When will we stop waiting for the next king, the next leader, the next hero to save the world?

When will we learn that kings and rulers will never meet our expectations, or fulfill our deepest hopes? Earthly leaders can never do what only God can do.

Israel never learned that lesson. I wonder if we will.

Like you and me, Israel wanted a leader who would make their nation look good. They wanted a ruler to reflect their values: strength, power, and maybe a little morality thrown in for good measure.

“Give us a king,” they said. “We want to be strong and respected, like all the other nations.”

So God gave them what they asked. They rejected His leadership and made idols out of their kings. And Israel’s monarchy was a disaster, just as God warned them it would be.

Saul, their first king, was power-hungry and godless. His successor David worshipped God, but was violent and deceitful. David’s son Solomon was wise, but his unrestrained lust led the people into idolatry.

Rehoboam’s arrogance split the nation in half. And on and on the cycle went.

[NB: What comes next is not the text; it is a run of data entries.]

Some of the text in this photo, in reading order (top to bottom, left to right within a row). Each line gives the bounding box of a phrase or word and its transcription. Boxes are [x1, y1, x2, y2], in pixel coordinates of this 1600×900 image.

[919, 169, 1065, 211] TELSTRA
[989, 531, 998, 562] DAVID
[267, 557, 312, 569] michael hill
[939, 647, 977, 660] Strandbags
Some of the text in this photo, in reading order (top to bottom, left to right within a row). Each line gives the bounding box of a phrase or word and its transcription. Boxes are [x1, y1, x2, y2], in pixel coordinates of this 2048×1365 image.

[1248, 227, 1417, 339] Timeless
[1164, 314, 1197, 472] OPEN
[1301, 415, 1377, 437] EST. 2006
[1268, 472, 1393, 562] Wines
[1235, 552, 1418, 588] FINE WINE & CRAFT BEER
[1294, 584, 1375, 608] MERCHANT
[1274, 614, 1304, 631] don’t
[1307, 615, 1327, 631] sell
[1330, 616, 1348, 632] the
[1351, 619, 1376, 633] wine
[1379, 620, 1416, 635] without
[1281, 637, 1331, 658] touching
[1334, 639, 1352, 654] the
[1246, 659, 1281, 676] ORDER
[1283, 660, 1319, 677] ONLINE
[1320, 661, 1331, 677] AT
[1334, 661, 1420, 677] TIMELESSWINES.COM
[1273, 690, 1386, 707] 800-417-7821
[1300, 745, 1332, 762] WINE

There were nineteen kings in northern Israel, and every one of them worshipped idols. There were twenty kings in the southern kingdom, and most of them worshipped idols as well. Even the “good” kings of Judah were often violent, usually arrogant, and sometimes idolatrous.

The root of Israel’s problem was that they did not trust God’s leadership. For nearly 400 years, the people followed their kings into all sorts of evil, until God judged the nation by sending them into exile.

When they returned to the land, after 70 long years, they still clung stubbornly to their hope that a human king would save them.

And all the while, God kept sending prophets to tell them the truth: Only one King could save them. But they never listened.

They kept looking to their leaders, expecting them to do what only God could do.

So God Himself came, clothed in human flesh, to save His people from their enemies and from their sin. Born in a manger, raised by a carpenter, with no palace of His own, He didn’t fit their model of a what a king should be. So they killed Him.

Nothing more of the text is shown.